El endeudamiento para financiar el gasto público en México registró un marcado aumento durante la presente administración del gobierno federal, hasta llegar a duplicar los niveles previos, una situación que encendió las alarmas de diversos analistas y especialistas del sector presupuestario.
De acuerdo con la presidenta del Instituto Mexicano de Ejecutivos de Finanzas, Gabriela Gutiérrez Mora, el saldo bruto del sector público rozó los 20.3 billones de pesos a mediados de este año, por lo que, la cifra representa más del doble de lo registrado al cierre de 2018 y se coloca cuatro puntos del Producto Interno Bruto por encima de las proyecciones trazadas originalmente en los Criterios Generales de Política Económica para 2026.
Las metas de reducción planteadas por la actual administración gubernamental enfrentan un escenario complejo. El objetivo inicial de recortar el déficit al 3 por ciento parece difícil de alcanzar, por lo que las estimaciones de los especialistas sugieren que el año cerrará más bien cerca del 5 por ciento. A la par, el estancamiento de la actividad económica proyecta que la proporción de la deuda respecto al tamaño de la economía nacional escala hacia un 60 por ciento, rebasando el 52 por ciento presupuestado ante el Congreso de la Unión.

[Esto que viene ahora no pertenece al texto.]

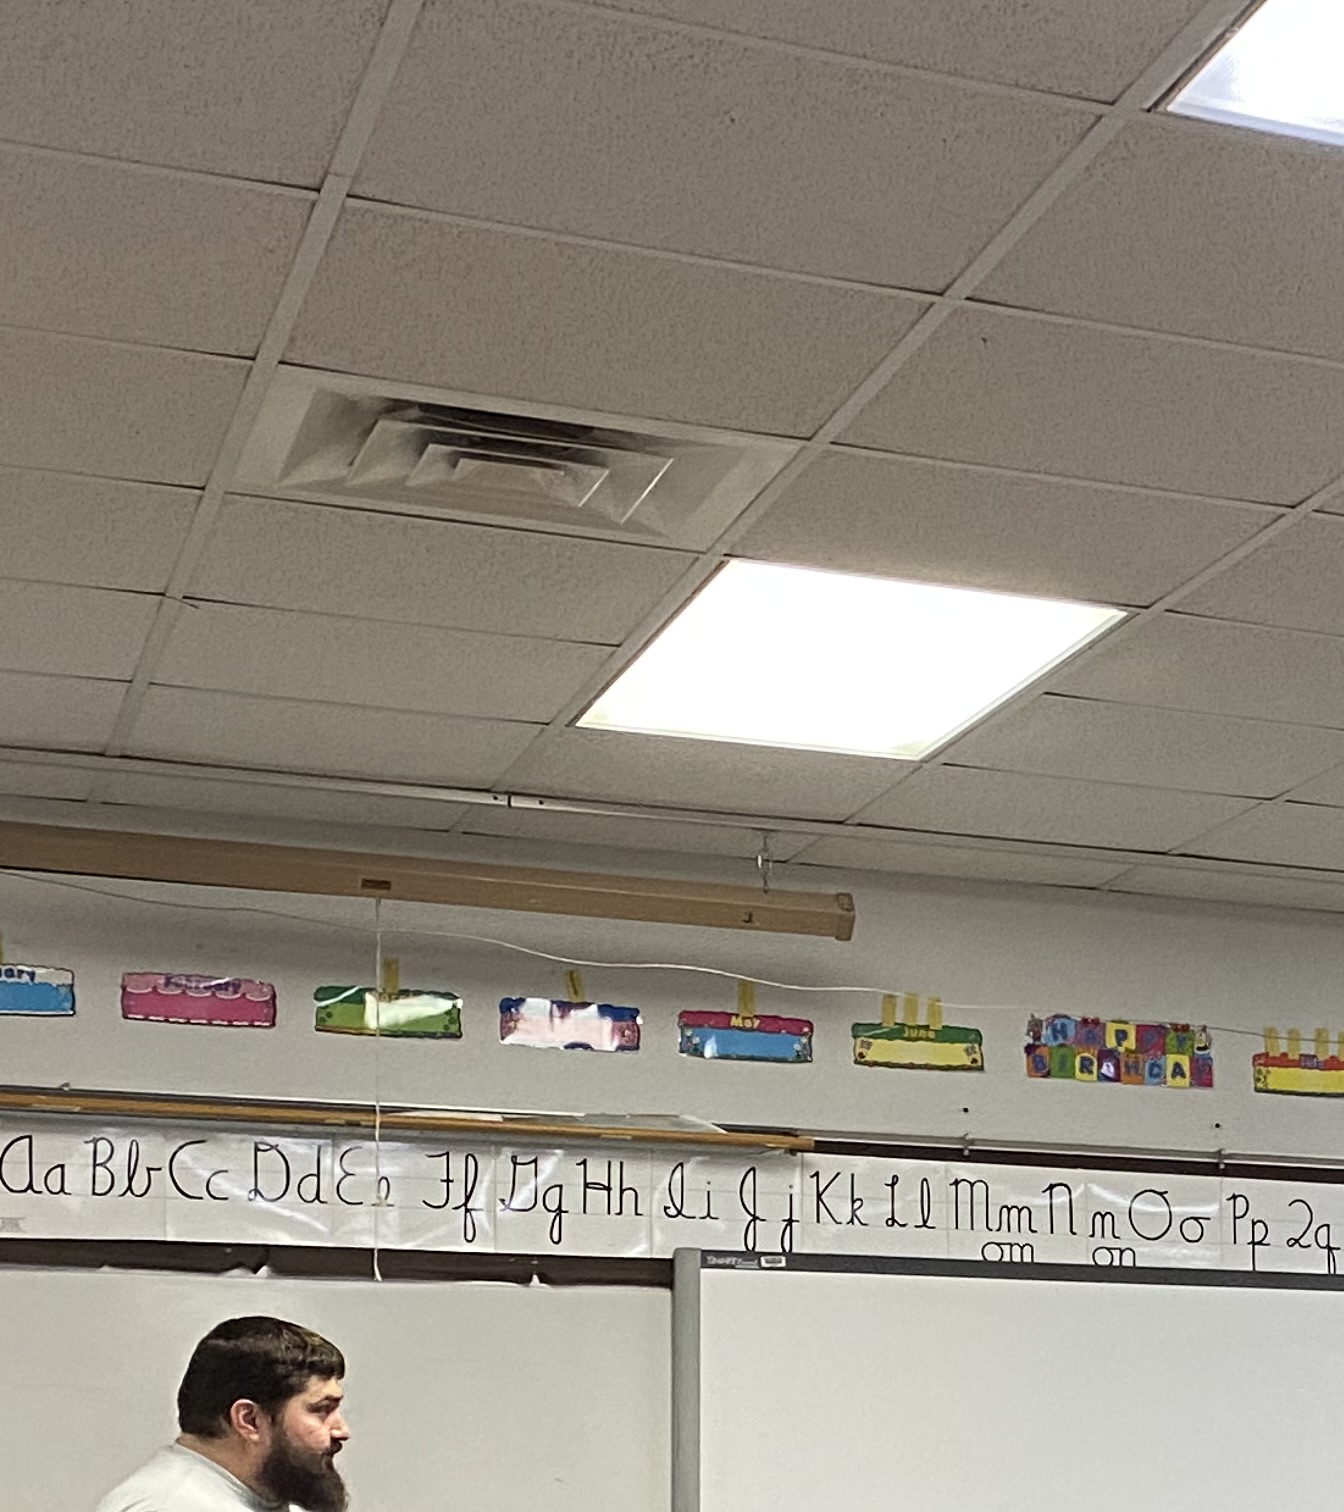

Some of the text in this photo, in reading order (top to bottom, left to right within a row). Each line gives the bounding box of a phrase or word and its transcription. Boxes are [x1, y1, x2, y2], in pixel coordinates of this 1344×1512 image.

[729, 1015, 759, 1030] May
[903, 1026, 936, 1040] June
[1052, 1021, 1188, 1050] HAPPY
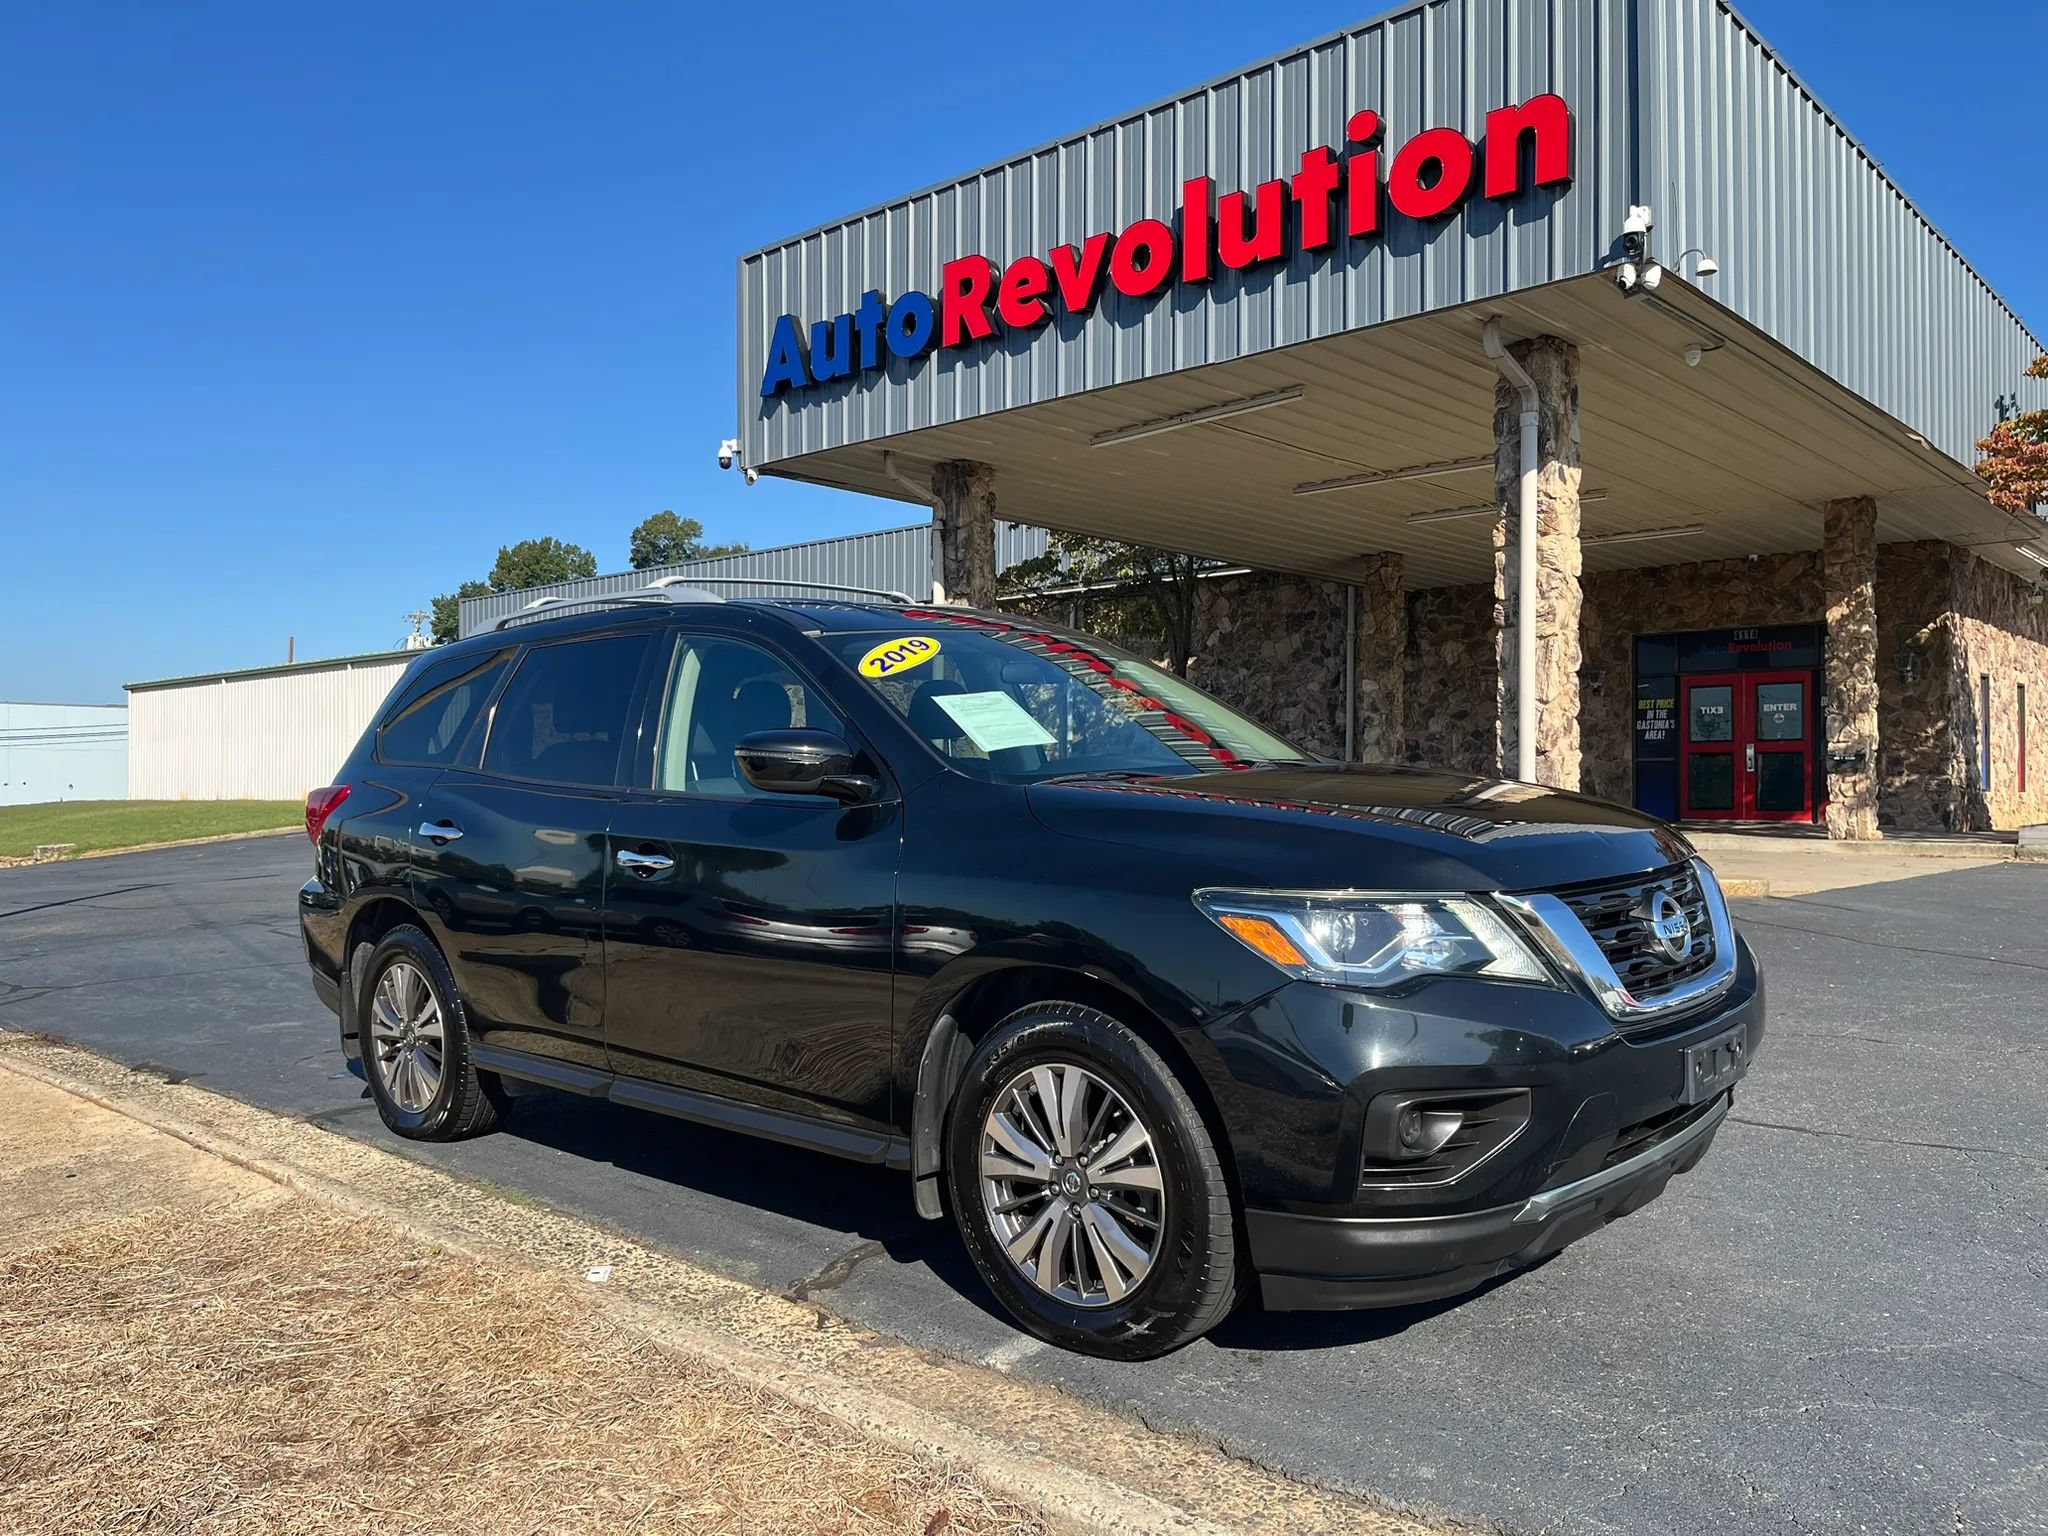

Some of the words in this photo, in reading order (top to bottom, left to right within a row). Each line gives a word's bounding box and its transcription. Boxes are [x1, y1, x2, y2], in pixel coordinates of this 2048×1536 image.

El peso de los compromisos financieros también presiona los ingresos del Estado, pues a pesar de los ajustes a la baja en las tasas de interés, el costo de pagar estos préstamos absorbe constantemente más del 15 por ciento de los ingresos totales del gobierno.
Esta combinación de un mayor endeudamiento y un alto costo financiero activa alertas en las metodologías de las agencias calificadoras internacionales, las cuales ya analizan con inquietud la lentitud del proceso de consolidación fiscal.
La desaceleración del crecimiento económico en el país tiene antecedentes de varios años.
El entorno para los negocios sufrió un quiebre significativo a finales de 2018 tras la cancelación del proyecto del aeropuerto de Texcoco, un hito que desligó el ritmo de avance de la economía mexicana respecto al de Estados Unidos y cuyas consecuencias se profundizaron tras el impacto de la pandemia de COVID-19.